## Task to complete
Copy out the data below as written; omit any images.

## Data for review
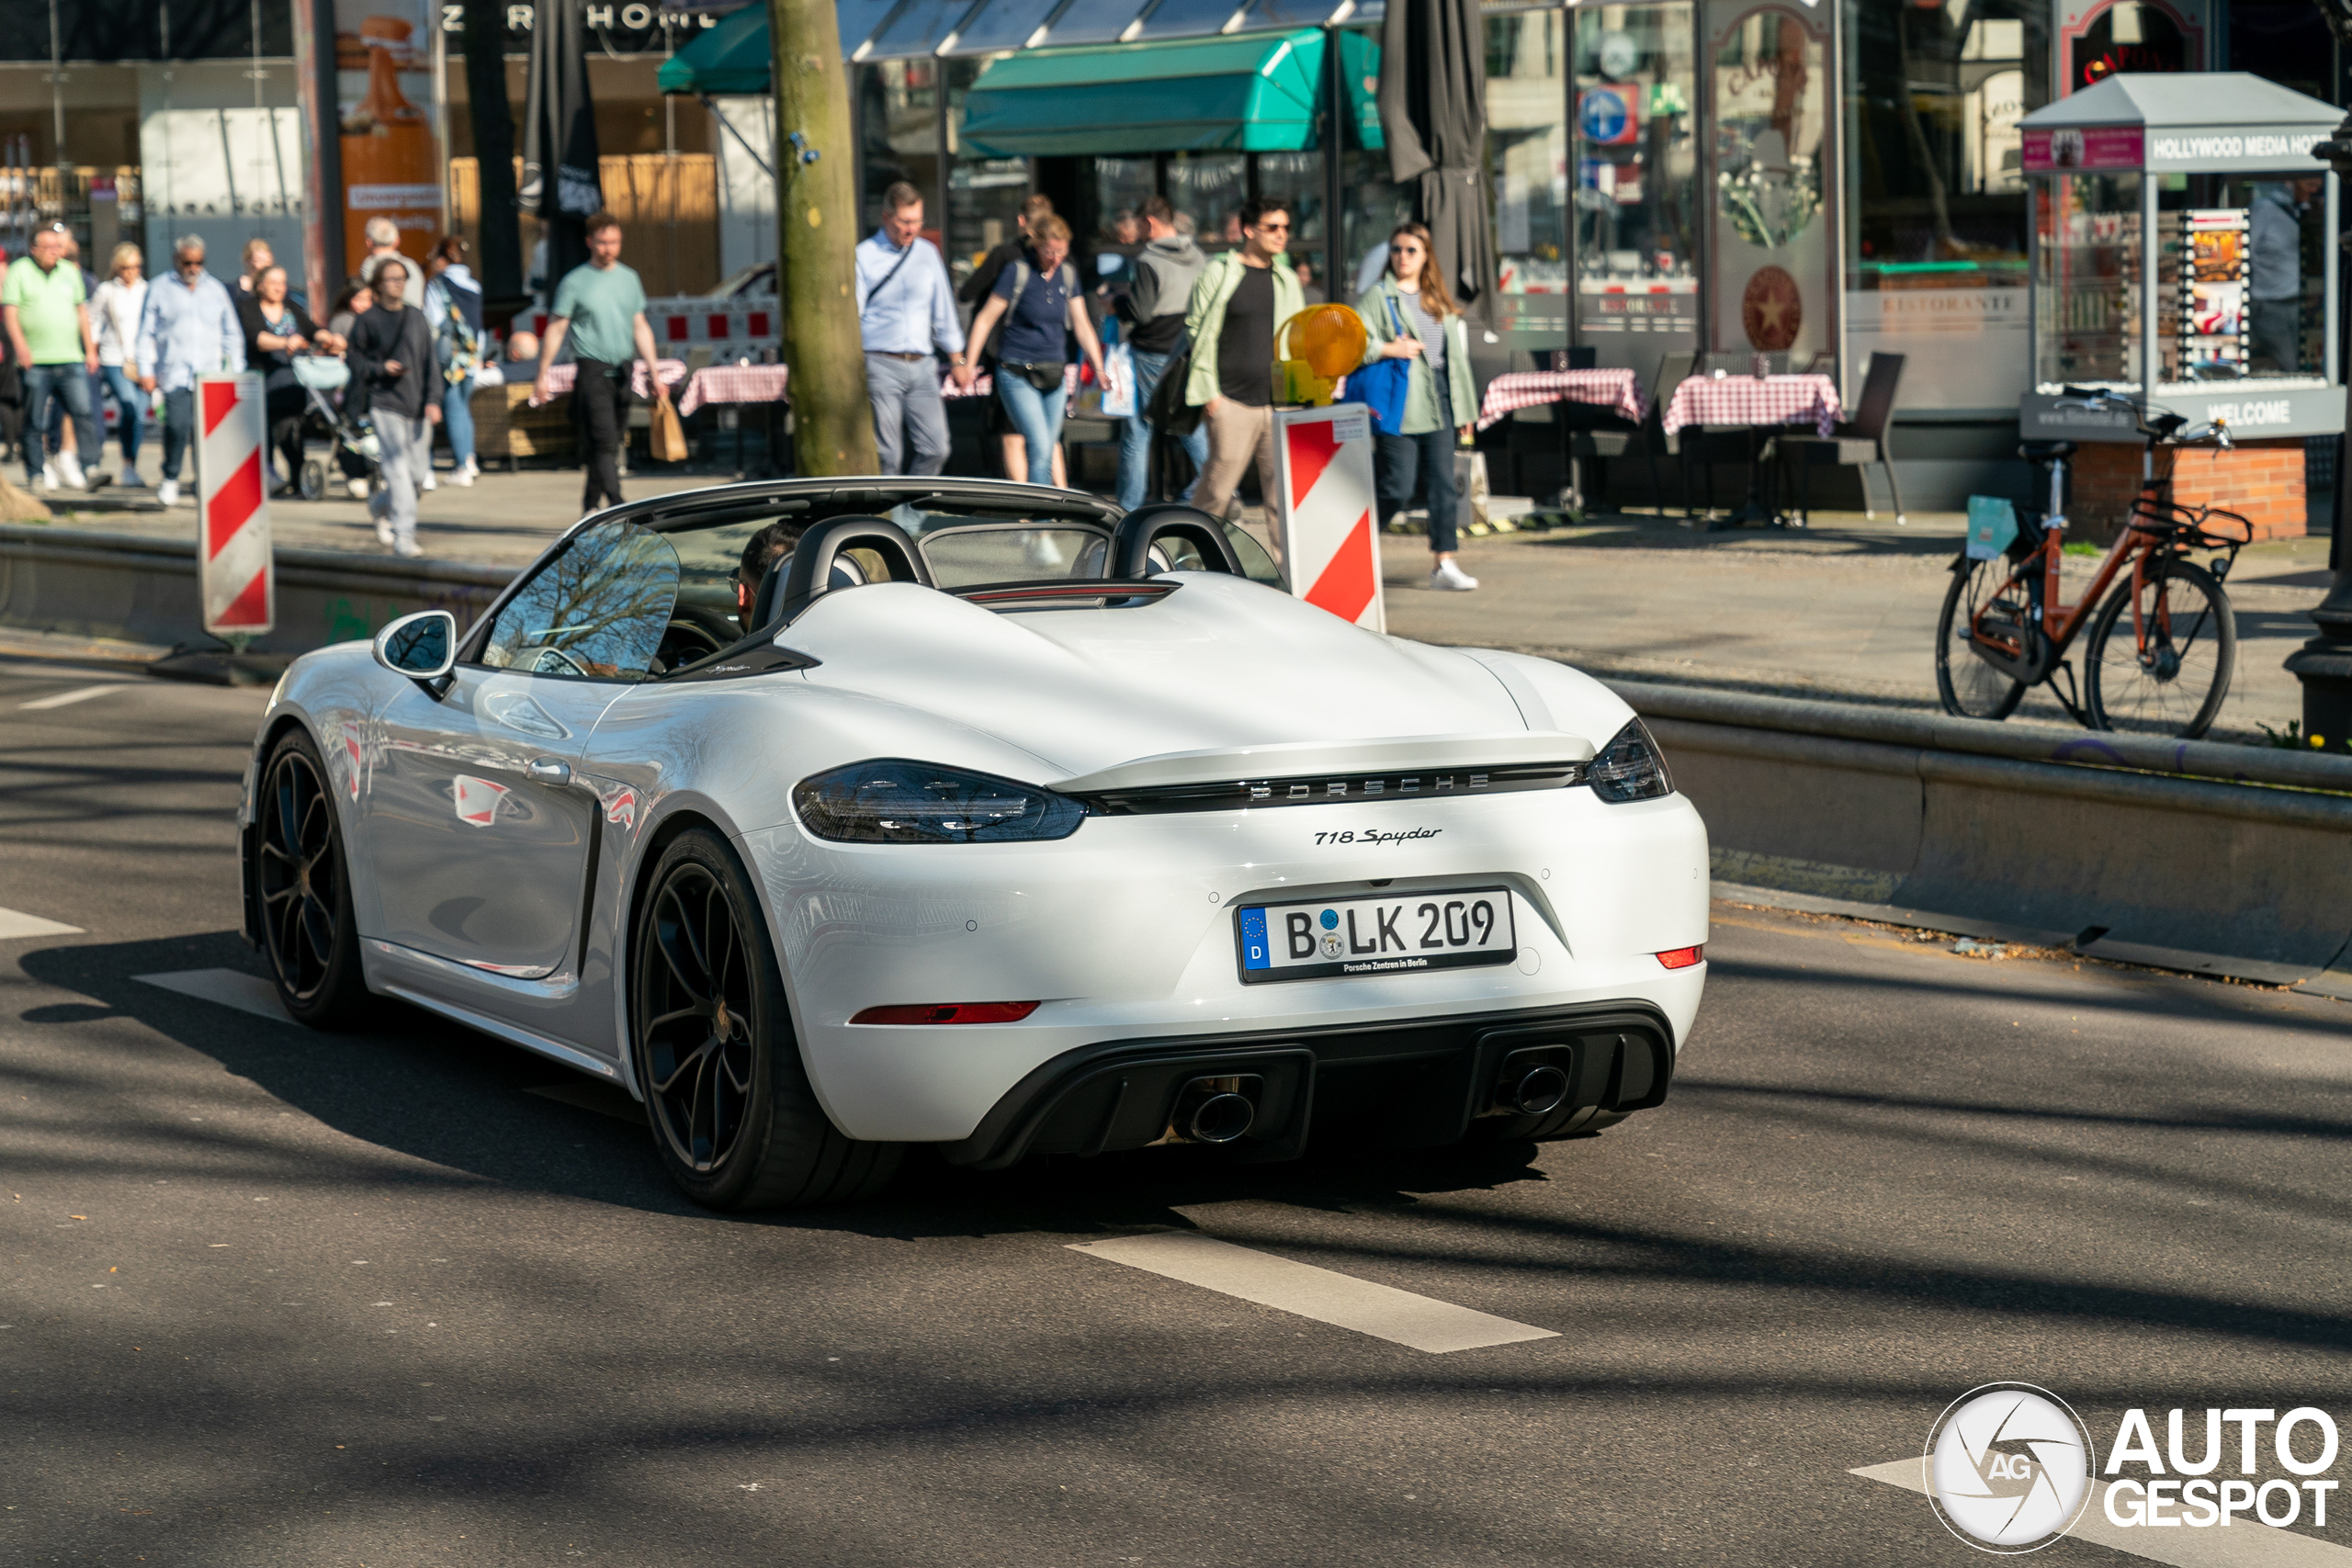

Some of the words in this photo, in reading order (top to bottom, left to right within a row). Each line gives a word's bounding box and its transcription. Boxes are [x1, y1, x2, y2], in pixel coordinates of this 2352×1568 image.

[2154, 136, 2243, 159] HOLLYWOOD
[2245, 135, 2290, 156] MEDIA
[2207, 400, 2290, 426] WELCOME
[1248, 773, 1488, 802] PORSCHE
[1314, 831, 1355, 846] 718
[1355, 827, 1443, 846] Spyder
[1285, 911, 1317, 959] B
[1346, 905, 1407, 954] LK
[1418, 899, 1495, 949] 209
[1250, 945, 1262, 960] D
[1343, 962, 1372, 973] Porsche
[1372, 961, 1398, 971] Zentren
[1408, 958, 1428, 967] Berlin

## Your solution
Some of the words in this photo, in reading order (top to bottom, left to right within a row). Each line gives a word's bounding box and its transcription. Boxes are [x1, y1, x2, y2], in pixel coordinates of this 2352×1568 image.

[2154, 136, 2243, 159] HOLLYWOOD
[2245, 135, 2290, 156] MEDIA
[2207, 400, 2290, 426] WELCOME
[1248, 773, 1488, 802] PORSCHE
[1314, 831, 1355, 846] 718
[1355, 827, 1443, 846] Spyder
[1285, 911, 1317, 959] B
[1346, 905, 1407, 954] LK
[1418, 899, 1495, 949] 209
[1250, 945, 1262, 960] D
[1343, 962, 1372, 973] Porsche
[1372, 961, 1398, 971] Zentren
[1408, 958, 1428, 967] Berlin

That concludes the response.